[Items from a dataset]
★ ★ ★

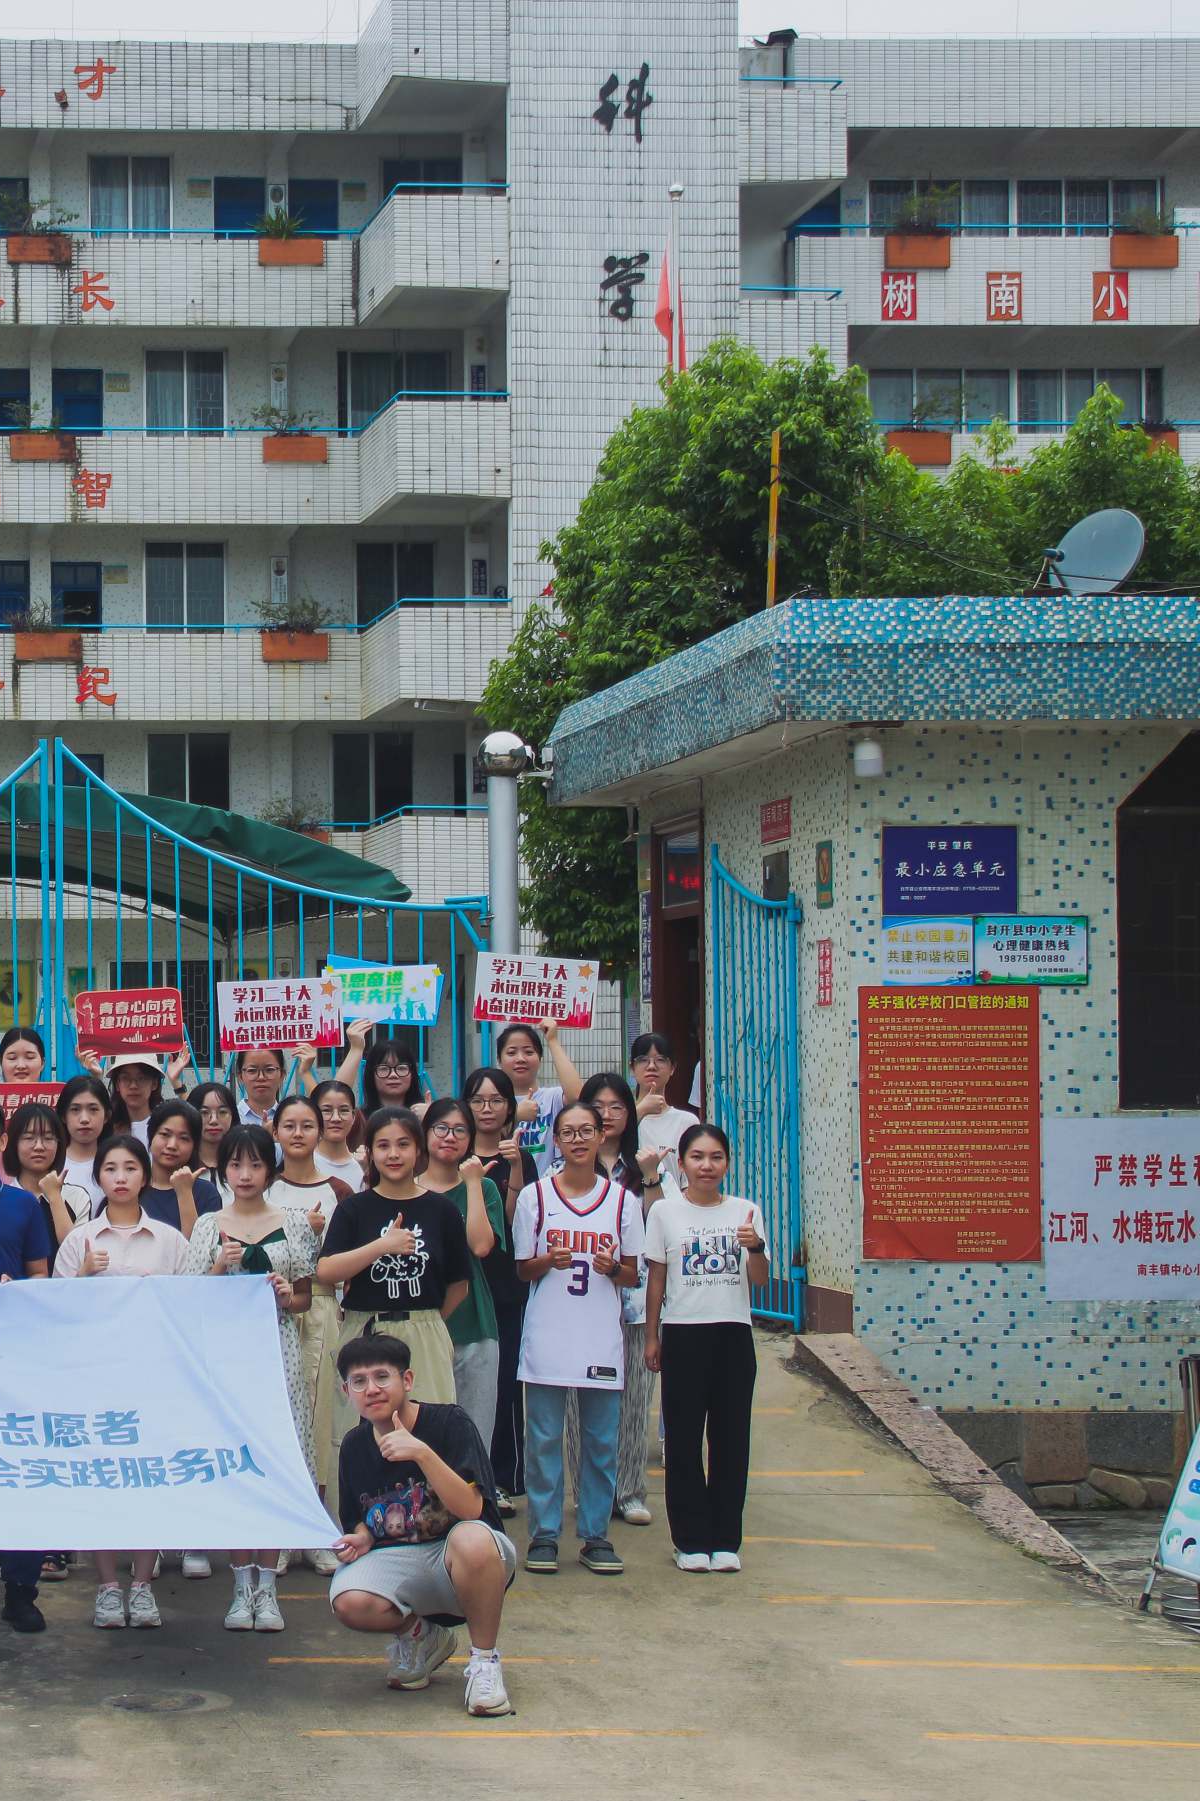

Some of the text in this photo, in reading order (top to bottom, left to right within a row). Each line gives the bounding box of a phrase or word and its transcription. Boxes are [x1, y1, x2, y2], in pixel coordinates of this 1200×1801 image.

[592, 61, 654, 323] 科学
[895, 860, 1006, 879] 最小应急单元
[887, 929, 969, 943] 禁止校园暴力
[986, 924, 1076, 937] 封开县中小学生
[992, 939, 1071, 952] 心理健康热线
[887, 950, 969, 964] 共建和谐校园
[999, 954, 1065, 963] 19875800880
[491, 957, 569, 981] 学习二十大
[232, 983, 312, 1004] 学习二十大
[340, 985, 403, 1005] 年先行
[490, 977, 568, 1000] 永远跟党走
[99, 996, 176, 1016] 青春心向党
[234, 1002, 313, 1023] 永远跟党走
[488, 997, 568, 1020] 奋进新征程
[867, 995, 1030, 1010] 关于强化学校门口管控的通知
[99, 1013, 177, 1031] 建功新时代
[234, 1021, 314, 1043] 奋进新征程
[1048, 1209, 1197, 1244] 江河、水塘玩水
[567, 1259, 591, 1297] 3
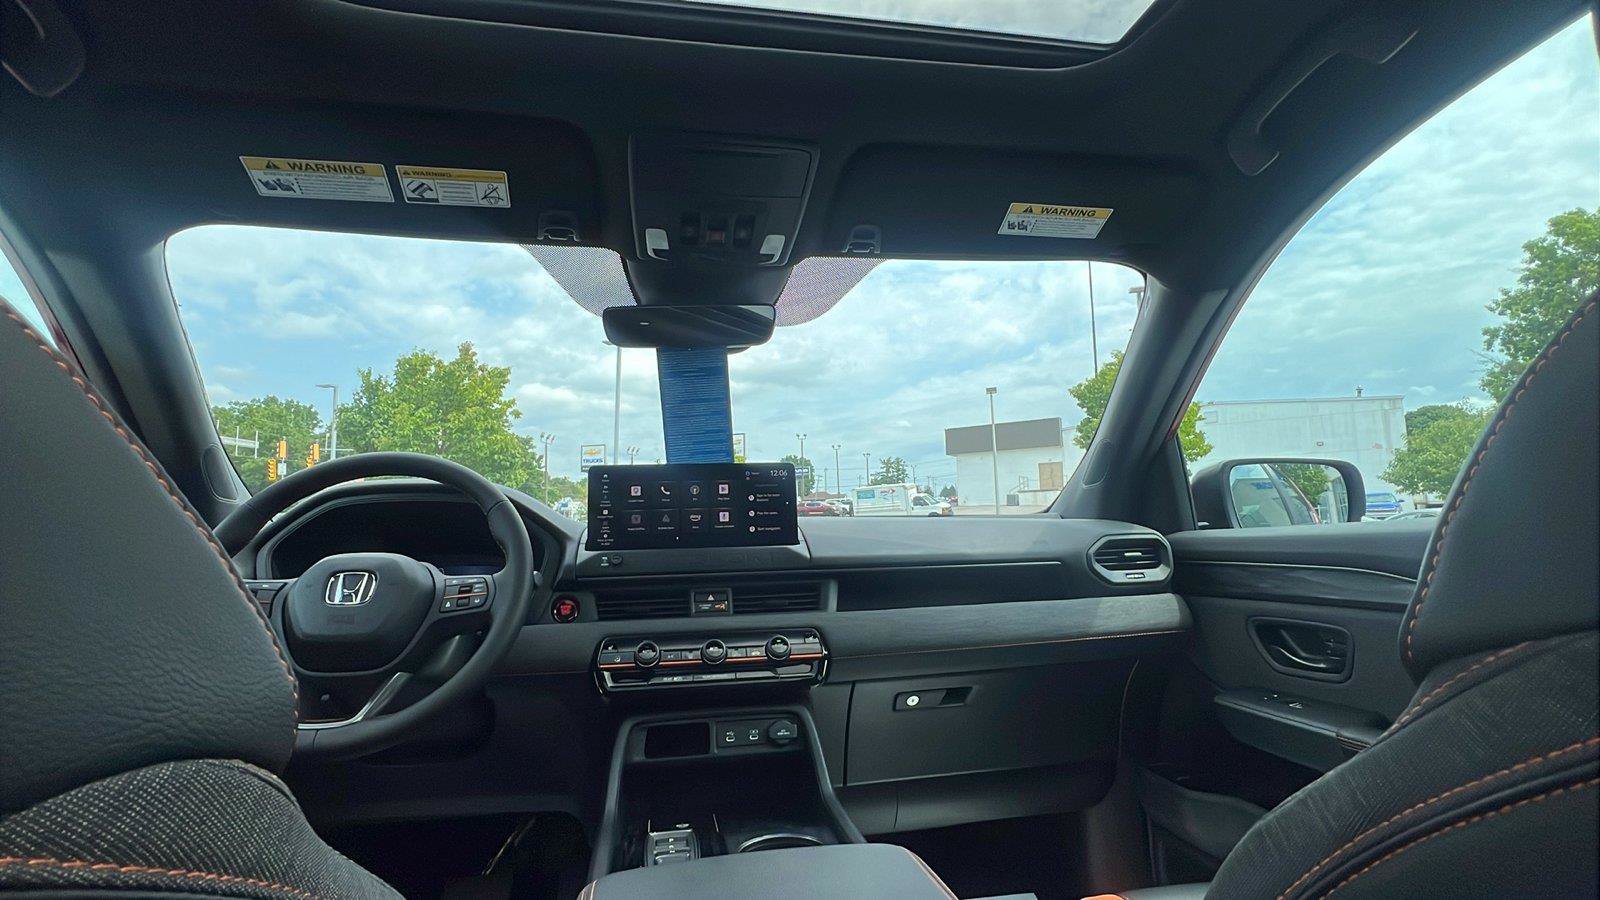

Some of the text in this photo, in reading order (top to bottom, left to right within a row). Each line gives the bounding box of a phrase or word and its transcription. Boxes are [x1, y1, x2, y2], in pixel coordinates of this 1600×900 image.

[287, 161, 366, 175] WARNING
[413, 170, 452, 178] WARNING
[1041, 206, 1097, 217] WARNING

★ ★ ★

Work order:
Leaving the images out, return every record exactly.

Solution for this problem:
Some of the text in this photo, in reading order (top to bottom, left to right within a row). Each line gives the bounding box of a phrase or word and its transcription. Boxes are [x1, y1, x2, y2], in pixel coordinates of this 1200×1801 image.

[592, 61, 654, 323] 科学
[895, 860, 1006, 879] 最小应急单元
[887, 929, 969, 943] 禁止校园暴力
[986, 924, 1076, 937] 封开县中小学生
[992, 939, 1071, 952] 心理健康热线
[887, 950, 969, 964] 共建和谐校园
[999, 954, 1065, 963] 19875800880
[491, 957, 569, 981] 学习二十大
[232, 983, 312, 1004] 学习二十大
[340, 985, 403, 1005] 年先行
[490, 977, 568, 1000] 永远跟党走
[99, 996, 176, 1016] 青春心向党
[234, 1002, 313, 1023] 永远跟党走
[488, 997, 568, 1020] 奋进新征程
[867, 995, 1030, 1010] 关于强化学校门口管控的通知
[99, 1013, 177, 1031] 建功新时代
[234, 1021, 314, 1043] 奋进新征程
[1048, 1209, 1197, 1244] 江河、水塘玩水
[567, 1259, 591, 1297] 3

Some of the text in this photo, in reading order (top to bottom, left to right within a row). Each line gives the bounding box of a phrase or word and its transcription. Boxes are [x1, y1, x2, y2], in pixel coordinates of this 1600×900 image.

[287, 161, 366, 175] WARNING
[413, 170, 452, 178] WARNING
[1041, 206, 1097, 217] WARNING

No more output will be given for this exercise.